### EXERCISE BRIEF
Your copy of the listing should match it exactly, only without pictures.

········

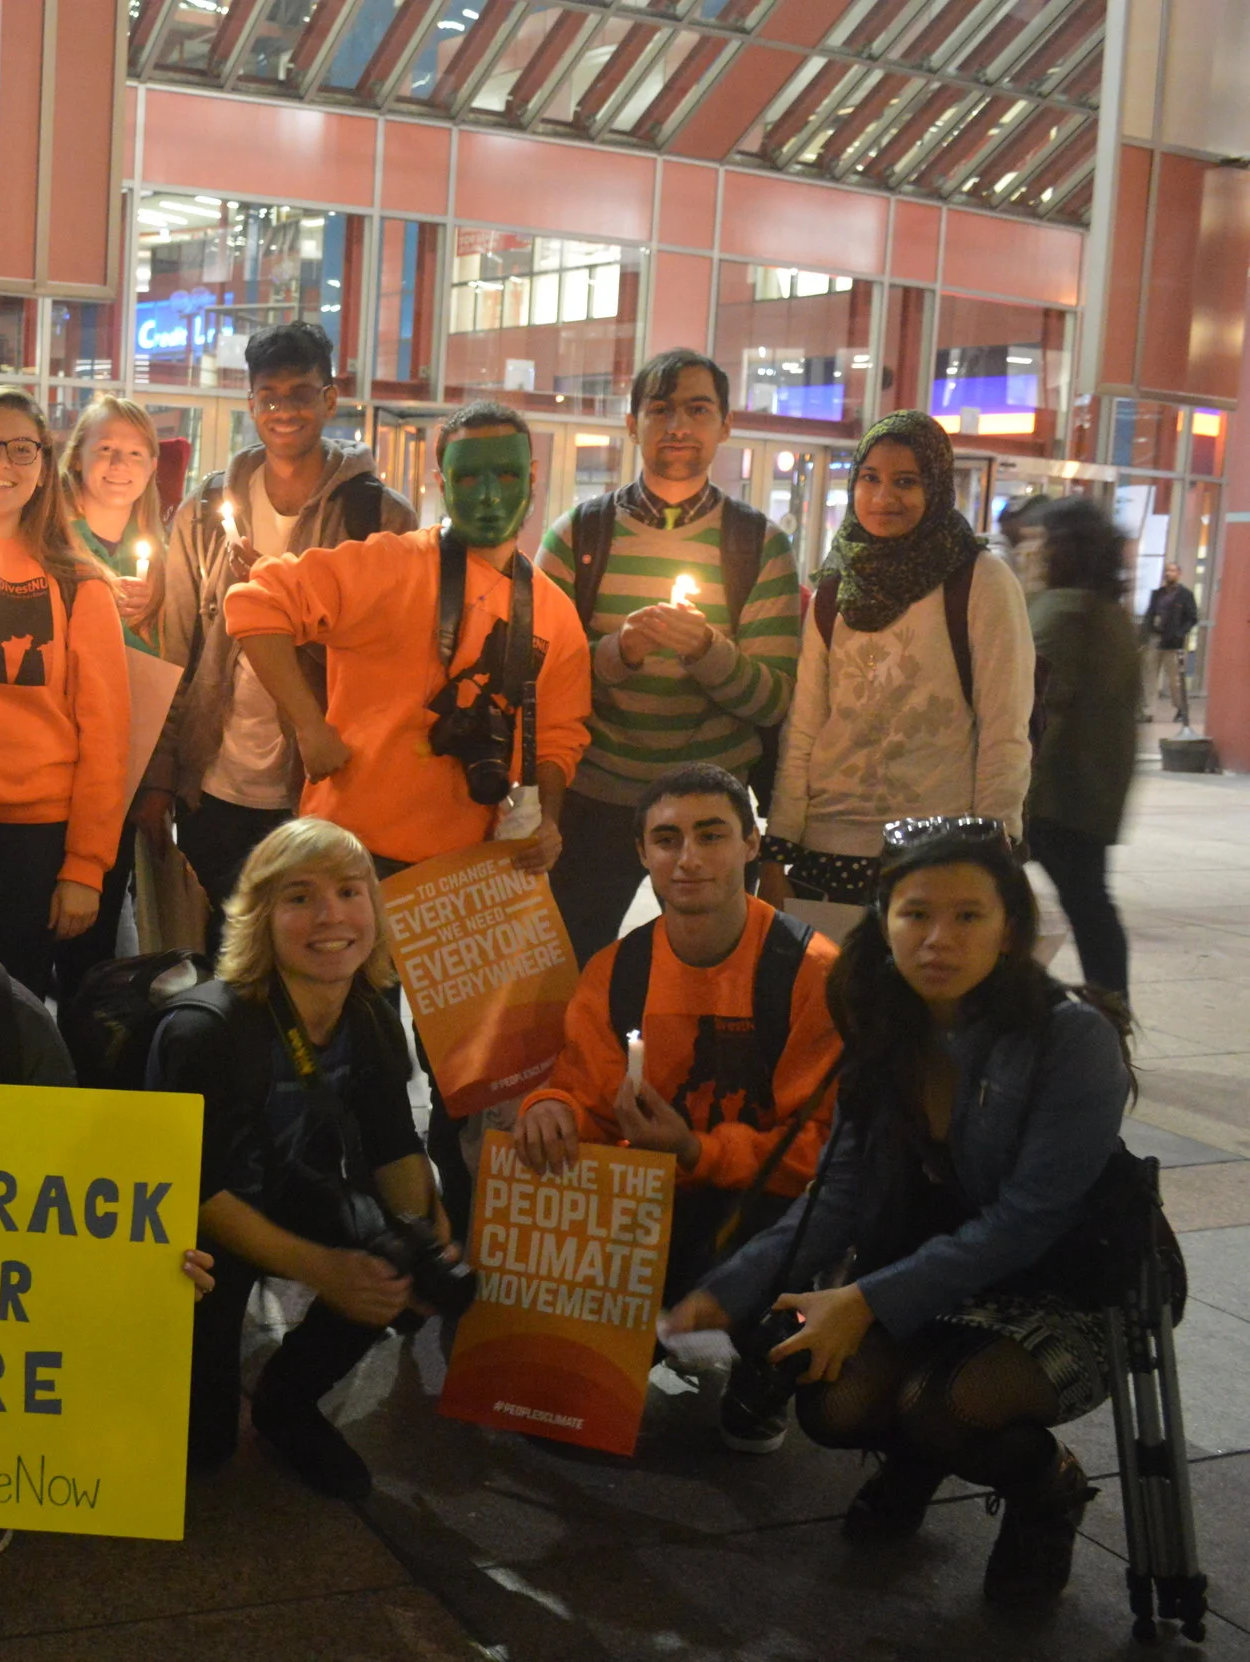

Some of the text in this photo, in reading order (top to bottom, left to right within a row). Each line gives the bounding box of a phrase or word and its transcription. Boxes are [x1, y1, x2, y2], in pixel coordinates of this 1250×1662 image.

[388, 868, 538, 942] EVERYTHING
[416, 859, 497, 900] TO CHANGE
[405, 907, 558, 990] EVERYONE
[436, 907, 507, 943] WE NEED
[414, 940, 567, 1016] EVERYWHERE
[490, 1146, 532, 1181] WE
[609, 1162, 666, 1201] THE
[484, 1178, 663, 1246] PEOPLES
[479, 1224, 659, 1295] CLIMATE
[476, 1269, 651, 1331] MOVEMENT!

········

### SOLVED PROBLEM
Some of the text in this photo, in reading order (top to bottom, left to right within a row). Each line gives the bounding box of a phrase or word and its transcription. Boxes are [x1, y1, x2, y2], in pixel coordinates of this 1250×1662 image.

[388, 868, 538, 942] EVERYTHING
[416, 859, 497, 900] TO CHANGE
[405, 907, 558, 990] EVERYONE
[436, 907, 507, 943] WE NEED
[414, 940, 567, 1016] EVERYWHERE
[490, 1146, 532, 1181] WE
[609, 1162, 666, 1201] THE
[484, 1178, 663, 1246] PEOPLES
[479, 1224, 659, 1295] CLIMATE
[476, 1269, 651, 1331] MOVEMENT!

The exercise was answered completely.